It’s hard to believe that our lives have been altered so dramatically and so quickly. On New Year’s Day this year, who had even heard of the coronavirus or COVID-19? In less than three months it seems as though everything has changed. Schools and businesses are closed. Stay at Home Proclamations have been issued. Most in-person court proceedings, as well as discovery proceedings and mediations, have been postponed. The end of the crisis is difficult to predict; and even when that end comes, there will be much catching up to do.
While much of the suffering and dislocation that is occurring and will continue to occur will be difficult to avoid or to recover from, in some areas of our lives steps can be taken to address today’s problems today. One such area is in dispute resolution where the parties and their counsel choose to resolve disputes using the Collaborative process.
The Collaborative process occurs entirely outside the court system. There is no reliance on courthouses, judges, juries, or public filing of documents. There is no need for depositions, mediations, or other in-person proceedings. Instead, the parties and their counsel agree to the exchange of needed information and meet informally to discuss their real needs and interests and to brainstorm over ways to resolve their dispute. The end result is a settlement agreement that is truly “owned” by all parties because they have been instrumental in reaching that agreement. Typically, the entire process takes a mere fraction of the time or expense of a court proceeding.
Ordinarily, these meetings take place in person. However, during the current crisis, there is no reason they cannot occur online. Using Zoom or similar online meeting platforms, each party and each attorney can be in a separate space, maintaining appropriate “social distance” while still being together to resolve their dispute. The health benefit of staying in place to stop or slow the spread of a global pandemic does not have to mean that we stop or slow the pace of resolving disputes.

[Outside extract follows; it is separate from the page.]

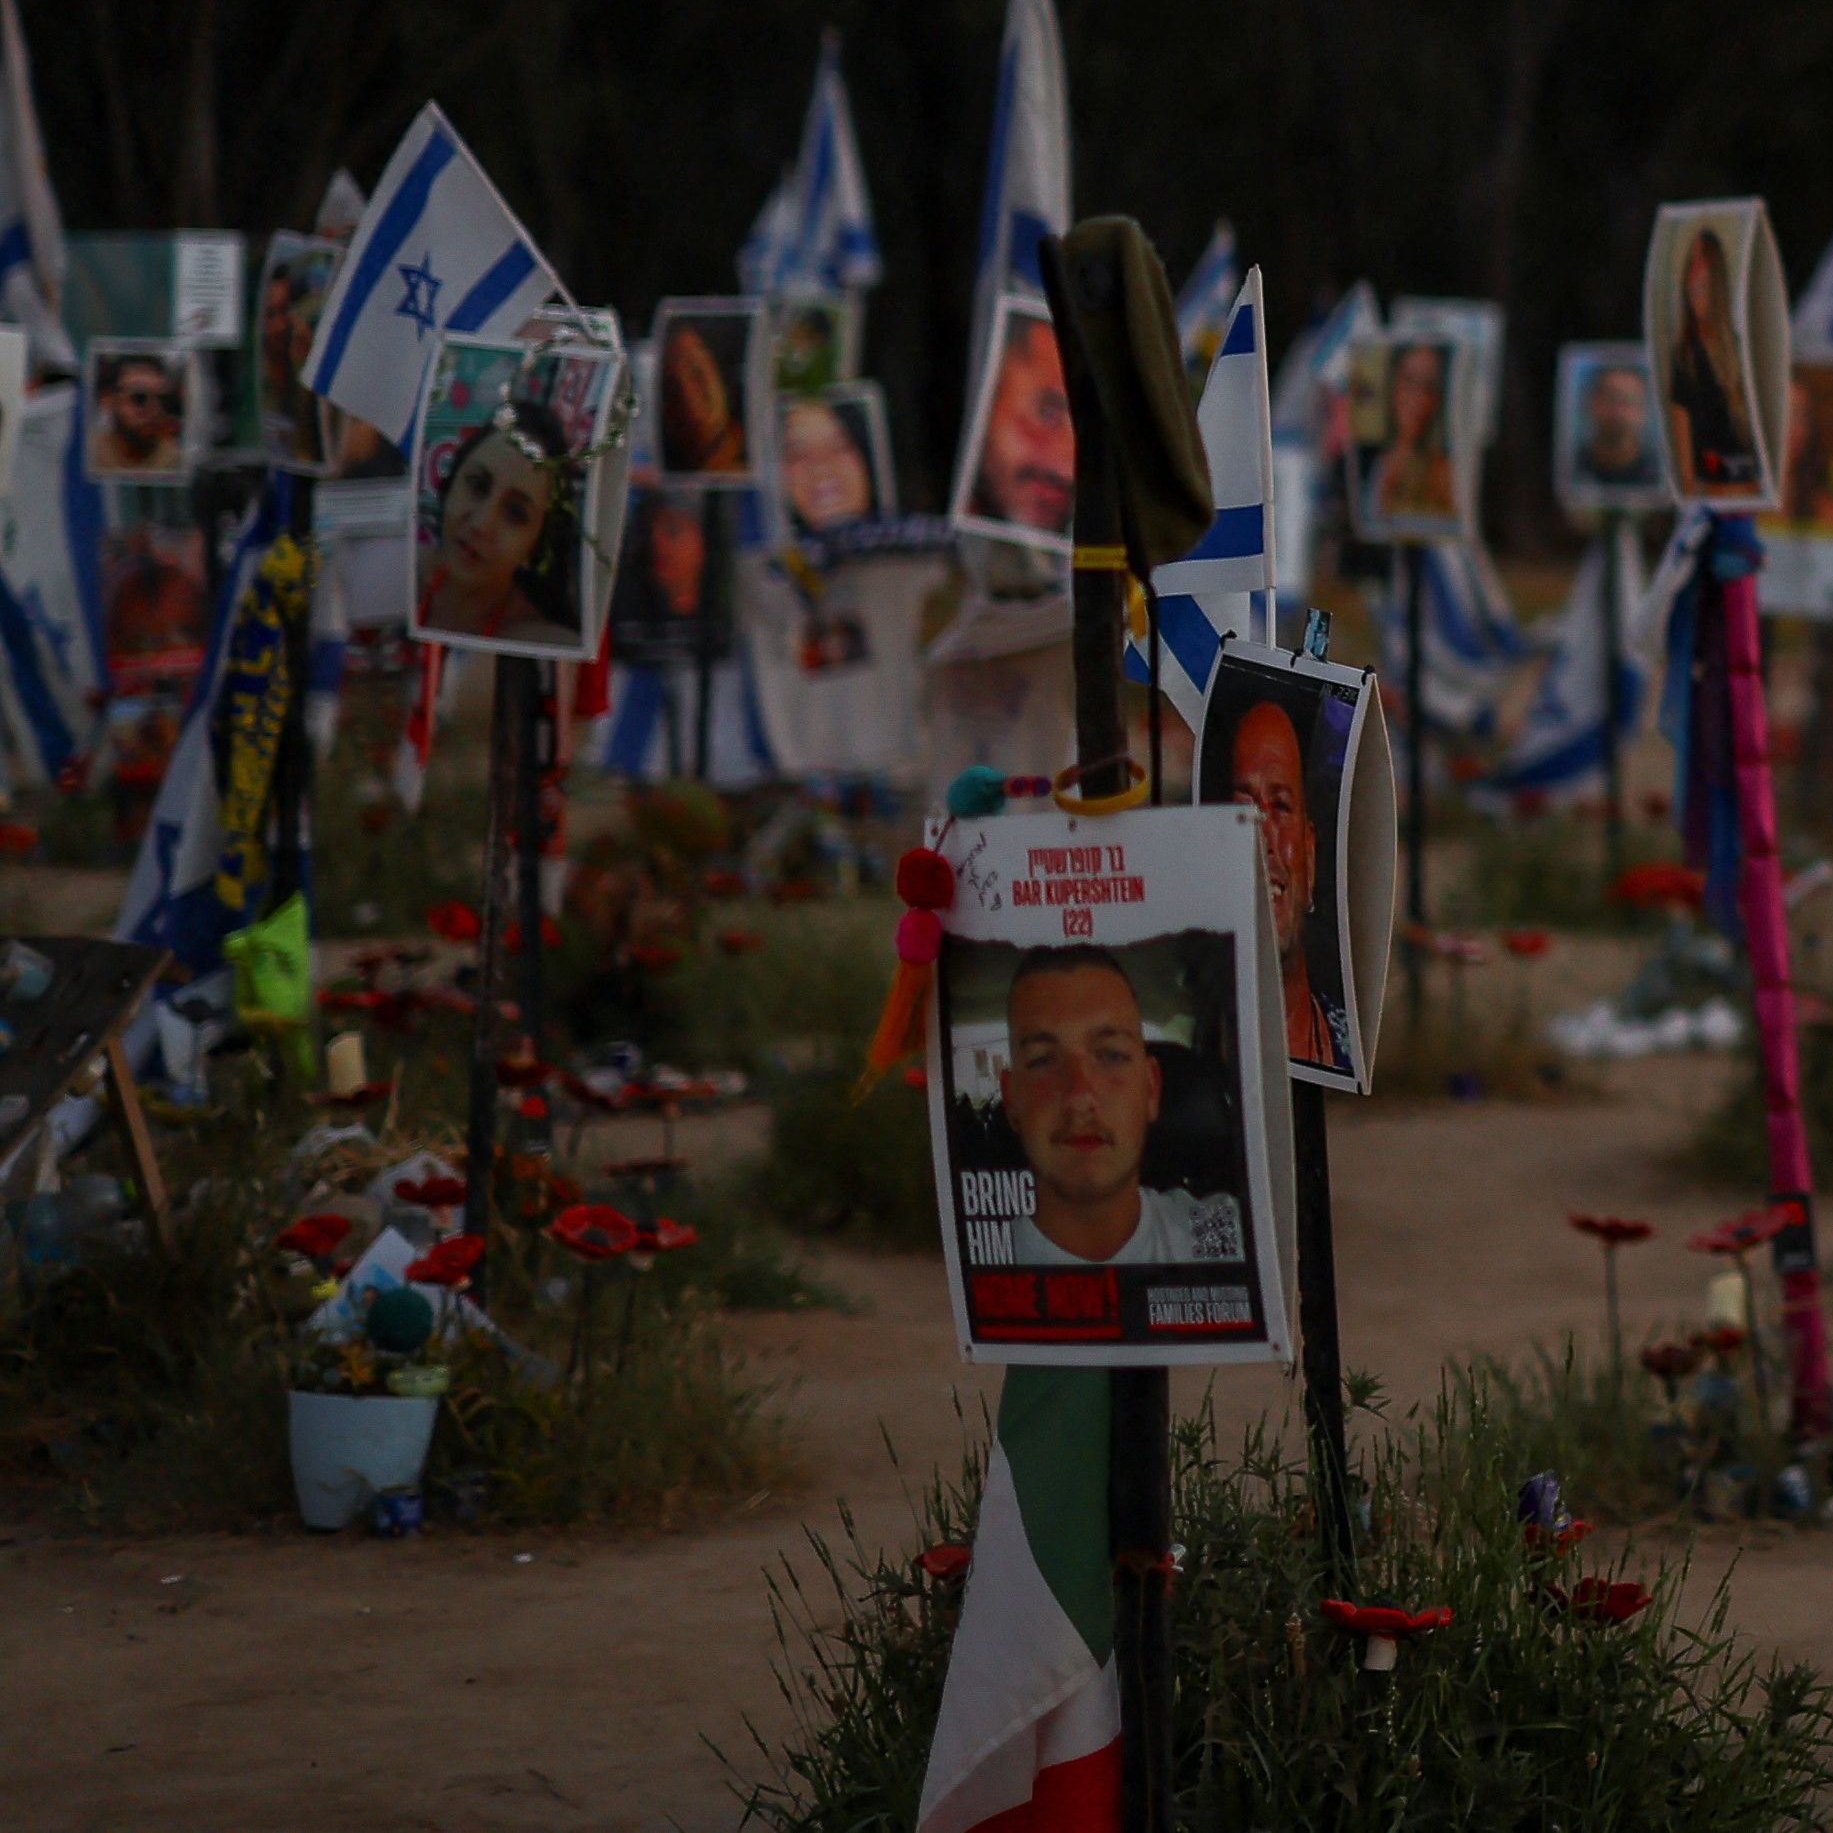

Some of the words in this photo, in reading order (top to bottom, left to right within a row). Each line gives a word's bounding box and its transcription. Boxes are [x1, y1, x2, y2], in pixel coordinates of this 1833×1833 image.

Even when the crisis passes and in-person meetings become more frequent, using the Collaborative process would avoid any of the delays that seem inevitable once the courts are fully open for business. Collaborative would also allow all parties greater flexibility to manage their schedules and meet online to continue moving towards a resolution whatever the “new normal” turns out to be.
So, whether in the midst of COVID-19 or on the other side of “flattening the curve,” the Collaborative approach to dispute resolution could literally proceed as though the crisis had never occurred.